Łucja Kowalewska (Gyroid focus session)Gyroid- and Diamond-Type Membrane Configurations of Plants – Where Geometry Defines the Biological Function

Cellular membranes have the ability to self-organize into several different morphologies, among which the most complex are periodic arrangements called cubic membranes, showcasing a remarkable blend of biological form and geometry. These cubic membranes resemble triply-periodic minimal surfaces (TPMS), well known in differential geometry. Although such complex membrane arrangements have been reported in different organisms from protozoa to mammals, the knowledge of the structural and molecular mechanisms leading to their formation and further transformation into other membrane morphologies is limited. Due to the lengthscale of cubic membranes (around 50–500 nm) and their fluid nature, 2D and 3D transmission electron microscopy (TEM) is the analysis method of choice to decipher their nanostructural features.

In our studies, we use the internal membranes of plant plastids as a model to investigate cubic morphologies. Plastids are a diverse group of organelles present in different plant organs. They fulfill various functions tightly connected to their inner membrane networks, photosynthesis being the most prominent one. We study the structure-composition interplay in cubic and lamellar arrangements self-organizing during plastid ontogenesis to understand how changes in the membrane composition influence formation and maintenance of such unique membrane assemblies.

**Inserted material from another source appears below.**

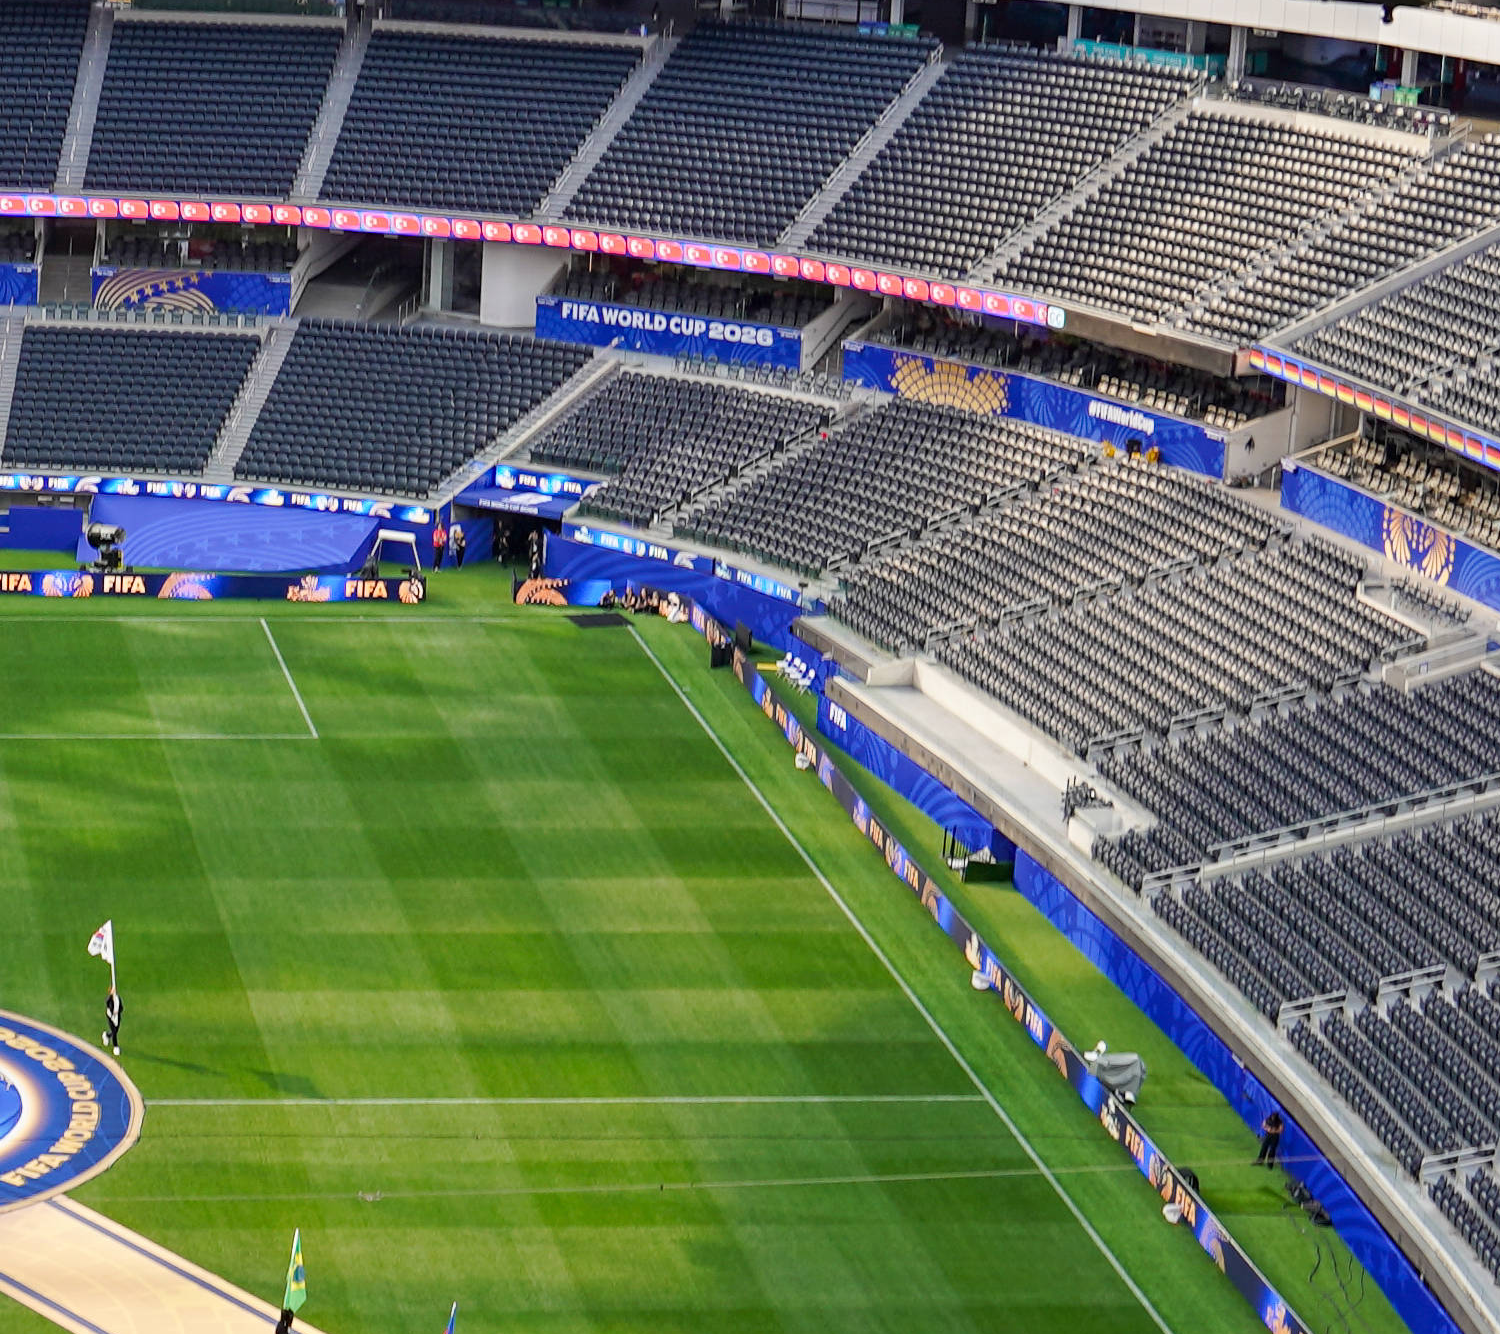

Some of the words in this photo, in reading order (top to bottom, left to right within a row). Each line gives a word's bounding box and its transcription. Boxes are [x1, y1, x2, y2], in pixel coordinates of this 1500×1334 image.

In my talk, I will present how we recognize and annotate cubic assemblies using our SPIRE software tool, which enables the identification of bicontinuous membrane structures from TEM sections through interactive matching by comparison to mathematical “nodal surface” models. I will also discuss the specific features, assembly mechanisms, and biological function of two physiologically important examples of cubic membranes in plant plastids - the Diamond-shaped prolamellar body of the etioplast occurring naturally during plant development and Double-gyroid thylakoid assembly transiently present in fully developed and photosynthetically active chloroplast.